We describe and study a model for an Automated Online Recommendation System
(AORS) in which a user's preferences can be time-dependent and can also depend
on the history of past recommendations and play-outs. The three key features of
the model that makes it more realistic compared to existing models for
recommendation systems are (1) user preference is inherently latent, (2)
current recommendations can affect future preferences, and (3) it allows for
the development of learning algorithms with provable performance guarantees.
The problem is cast as an average-cost restless multi-armed bandit for a given
user, with an independent partially observable Markov decision process (POMDP)
for each item of content. We analyze the POMDP for a single arm, describe its
structural properties, and characterize its optimal policy.

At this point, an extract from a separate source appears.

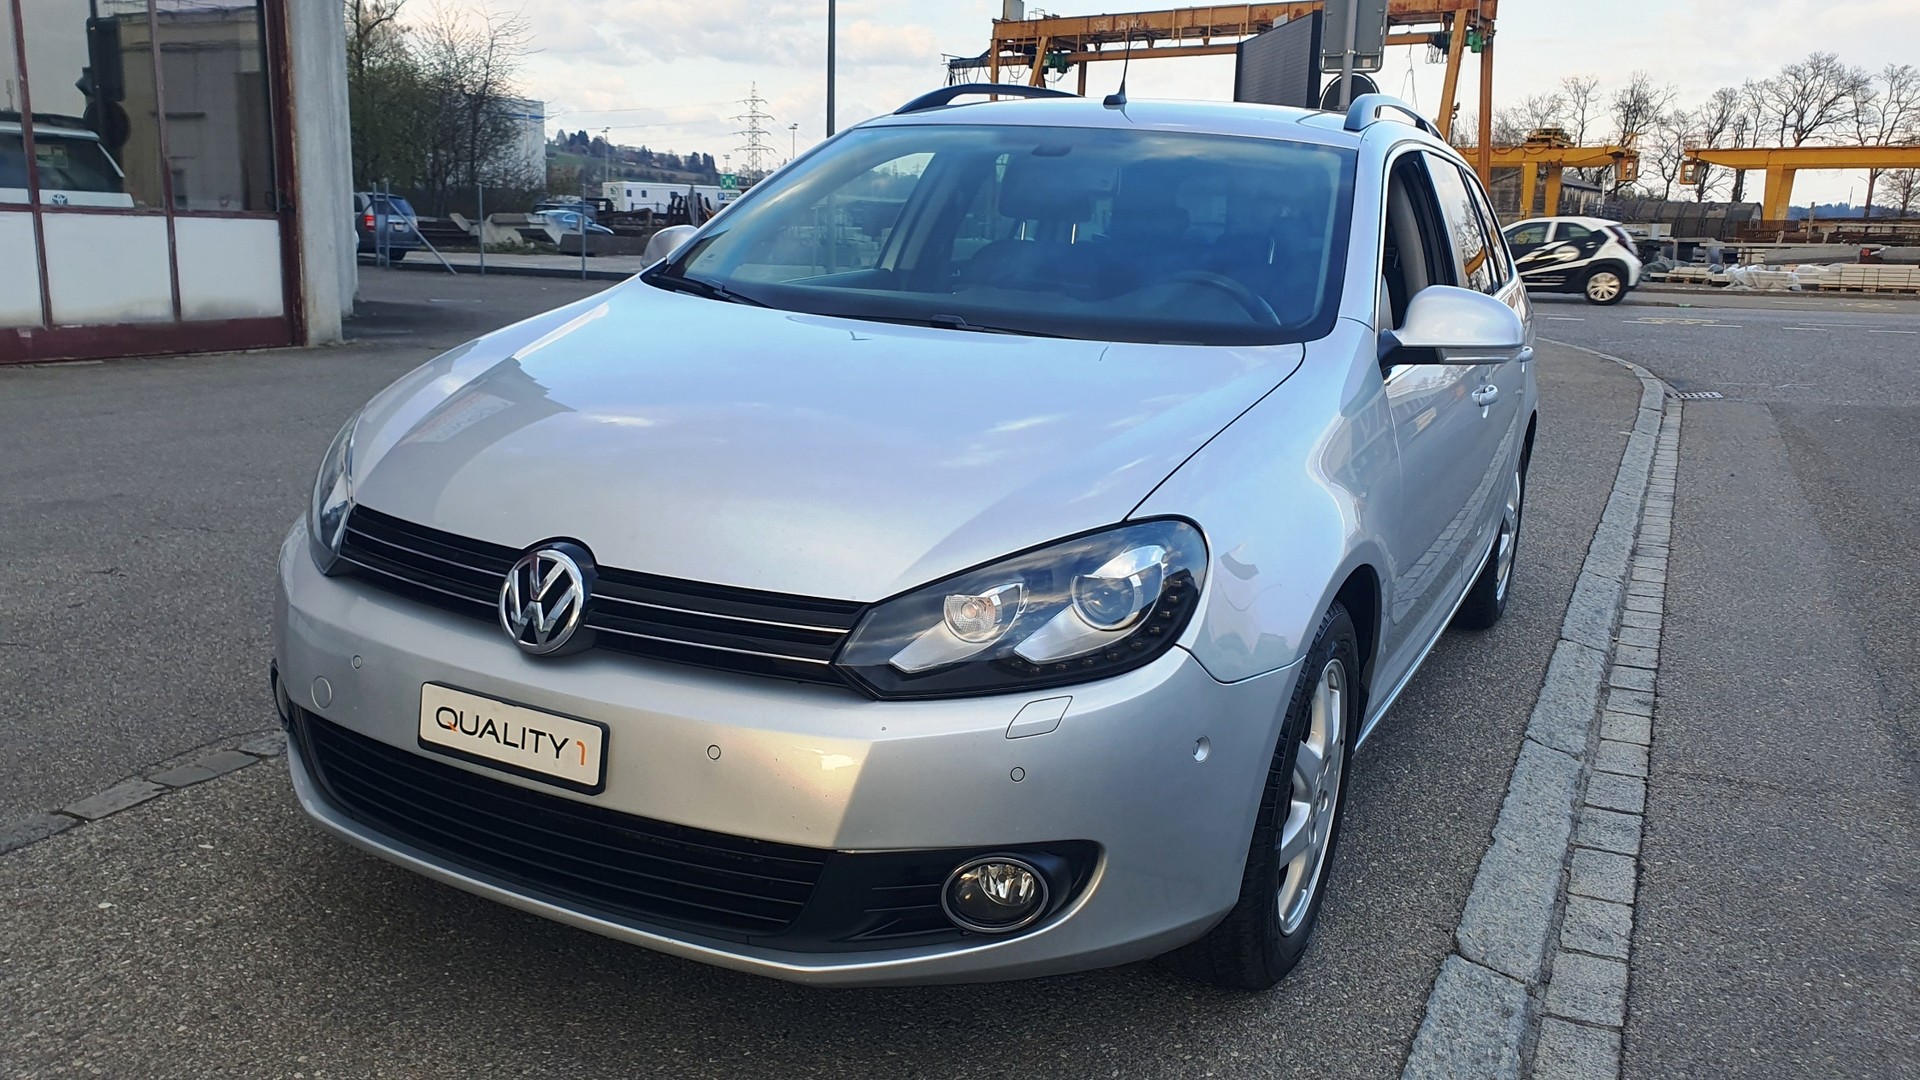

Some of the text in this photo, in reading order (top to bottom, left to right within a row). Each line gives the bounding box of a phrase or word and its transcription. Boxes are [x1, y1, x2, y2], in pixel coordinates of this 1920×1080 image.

We then develop a
Thompson sampling-based online reinforcement learning algorithm to learn the
parameters of the model and optimize utility from the binary responses of the
users to continuous recommendations. We then analyze the performance of the
learning algorithm and characterize the regret. Illustrative numerical results
and directions for extension to the restless hidden Markov multi-armed bandit
problem are also presented.

本文提出了一种自动在线推荐系统的模型，其中用户的喜好是时变的并且可以依赖于过去的推荐历史和玩出历史，通过使用基于 Thompson 采样的在线强化学习算法，该模型可以学习优化推荐效果，并具有可证明的性能保证。